El materialismo es encarnado, principalmente, bajo dos diferentes ideologías: Por un lado, los que piensan que la mejor forma de vida se establece bajo el capitalismo; por otro, los que en el comunismo. Pero lo evidente es que tanto el uno como el otro no dejan de ser sistemas materialistas, en los cuales el aspecto fundamental de la vida está relacionado con los bienes materiales que poseemos, o que no poseemos. La filosofía del mundo proclama a grandes voces, parafraseando lo que en las Escrituras encontramos con sentido opuesto, que: «La vida consiste en la abundancia de los bienes que poseemos; ya sea en forma comunitaria, ya en forma privada; la vida consiste en eso», y el que no lo tiene es un desorientado y el que no lo procura, un fracasado.

La viveza

Con el correr del tiempo, este afán materialista va desarrollando en el hombre, un espíritu de viveza y ventajismo. Ya que éste es el fin, y que la vida consiste en esto, la habilidad de cada uno se va proyectando cada vez más para sacar la mayor tajada con el menor esfuerzo. En esta estructura, donde se cultiva y desarrolla la viveza del hombre, el vivo es el que triunfa y el que prospera. El que tiene más. Todos desean ser vivos y ventajistas, aun cuando esto implique injusticia en sus actos.

Si soy un obrero:

– ¿Cómo puedo ganar más trabajando menos?

Si soy Patrón:

– ¿Cómo puedo lograr que trabaje más con menor jornal?

Cuando compro:

– ¿Cómo adquirir más por menos dinero?

Cuando vendo:

– ¿Cómo venderlo a mayor precio?

No importa si es justo o no, porque en nuestra mentalidad es lícito ser vivo. La viveza es justamente la expresión de este pecado que va tomando forma y dando fisonomía a nuestra sociedad. ¿De dónde viene todo esto? De la semilla de rebelión; del «Yo hago lo que quiero, no reconozco autoridad. Vivo mi vida, vivo para mí mismo; me vuelco al materialismo para alcanzar prosperidad y para él o nada mejor que la viveza.» En el aspecto mundano y secular, es bienaventurado aquel que tiene éxito en todas estas cosas.

  1. El deficiente evangelio de los “evangélicos”

¿Responde «nuestro» evangelio a la necesidad fundamental del ser humano de ser salvado? Si el hombre cayó, y lo analizado anteriormente es la estructura resultante de esa caída, el ser salvado del pecado tendría que significar el ser liberado de todo ese infortunado sistema de vida. Pedro escribe: » … fuisteis rescatados de vuestra VANA MANERA DE VIVIR, la cual recibisteis de vuestros padres. . .» (1 Pedro 1: 18).
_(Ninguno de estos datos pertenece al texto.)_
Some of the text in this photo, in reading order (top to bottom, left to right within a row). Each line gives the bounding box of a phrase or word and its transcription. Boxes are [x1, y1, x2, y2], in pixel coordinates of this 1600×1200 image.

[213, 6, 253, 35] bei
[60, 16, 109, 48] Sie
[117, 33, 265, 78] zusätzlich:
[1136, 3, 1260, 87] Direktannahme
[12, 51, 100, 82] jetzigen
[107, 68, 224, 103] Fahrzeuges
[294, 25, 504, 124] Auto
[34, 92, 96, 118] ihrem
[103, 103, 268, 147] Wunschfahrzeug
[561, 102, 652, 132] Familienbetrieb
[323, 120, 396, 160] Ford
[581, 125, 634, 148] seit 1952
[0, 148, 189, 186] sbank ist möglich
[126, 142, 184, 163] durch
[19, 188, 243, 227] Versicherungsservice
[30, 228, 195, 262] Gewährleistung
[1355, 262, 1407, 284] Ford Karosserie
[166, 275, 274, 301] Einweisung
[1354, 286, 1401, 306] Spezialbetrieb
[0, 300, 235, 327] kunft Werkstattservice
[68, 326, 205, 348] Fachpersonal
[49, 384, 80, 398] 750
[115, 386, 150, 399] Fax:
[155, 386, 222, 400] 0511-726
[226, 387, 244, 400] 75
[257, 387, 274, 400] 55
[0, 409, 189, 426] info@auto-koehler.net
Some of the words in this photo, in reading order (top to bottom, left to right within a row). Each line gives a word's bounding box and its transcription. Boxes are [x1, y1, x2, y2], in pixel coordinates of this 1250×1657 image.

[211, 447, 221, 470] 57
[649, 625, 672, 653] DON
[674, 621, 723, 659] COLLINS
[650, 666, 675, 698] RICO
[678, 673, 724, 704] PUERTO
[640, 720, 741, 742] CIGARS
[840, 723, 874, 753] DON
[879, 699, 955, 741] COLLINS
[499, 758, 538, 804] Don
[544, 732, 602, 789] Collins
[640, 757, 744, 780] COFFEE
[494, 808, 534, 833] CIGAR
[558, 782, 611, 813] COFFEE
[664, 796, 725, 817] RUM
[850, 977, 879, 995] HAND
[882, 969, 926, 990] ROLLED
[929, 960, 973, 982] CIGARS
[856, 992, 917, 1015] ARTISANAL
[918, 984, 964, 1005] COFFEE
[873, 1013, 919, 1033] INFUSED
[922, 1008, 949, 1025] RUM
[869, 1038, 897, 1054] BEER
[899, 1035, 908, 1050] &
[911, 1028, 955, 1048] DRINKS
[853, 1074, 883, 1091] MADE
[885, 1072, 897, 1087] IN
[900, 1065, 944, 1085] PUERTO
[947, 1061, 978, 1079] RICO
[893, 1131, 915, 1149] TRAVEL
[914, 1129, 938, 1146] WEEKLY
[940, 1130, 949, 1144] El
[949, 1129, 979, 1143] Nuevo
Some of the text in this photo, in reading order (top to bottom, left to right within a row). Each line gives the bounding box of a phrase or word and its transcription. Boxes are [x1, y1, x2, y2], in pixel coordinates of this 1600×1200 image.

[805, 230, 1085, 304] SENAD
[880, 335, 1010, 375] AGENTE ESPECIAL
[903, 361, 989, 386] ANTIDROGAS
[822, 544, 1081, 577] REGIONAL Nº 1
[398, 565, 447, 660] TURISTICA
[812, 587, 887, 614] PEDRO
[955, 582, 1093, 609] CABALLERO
Pero «nuestro» evangelio, el de los evangélicos, lejos de responder y transformar al hombre en su necesidad básica y fundamental, ha respondido a una sola necesidad: la eternidad.

«Vas a morir, te vas a ir al infierno. Si aceptas a Cristo, en lugar del infierno, vas a ir al cielo.» Todo lo demás, la estructura de vida y sus objetivos, siguen la misma orientación. «Pero, por haber aceptado a Cristo, cuando mueras, tienes la vida eterna asegurada en el cielo.»

El evangelio que hemos predicado en este estilo, no ha respondido pertinentemente, al problema fundamental y total del ser humano; sino que responde al problema de la eternidad, y no sé hasta qué punto.

Las cosas, entonces, nos han ido presentadas con el drama del pecador que va al infierno, y de  Dios que es amor y que quiere salvarlo. Pero salvarlo ¿de qué?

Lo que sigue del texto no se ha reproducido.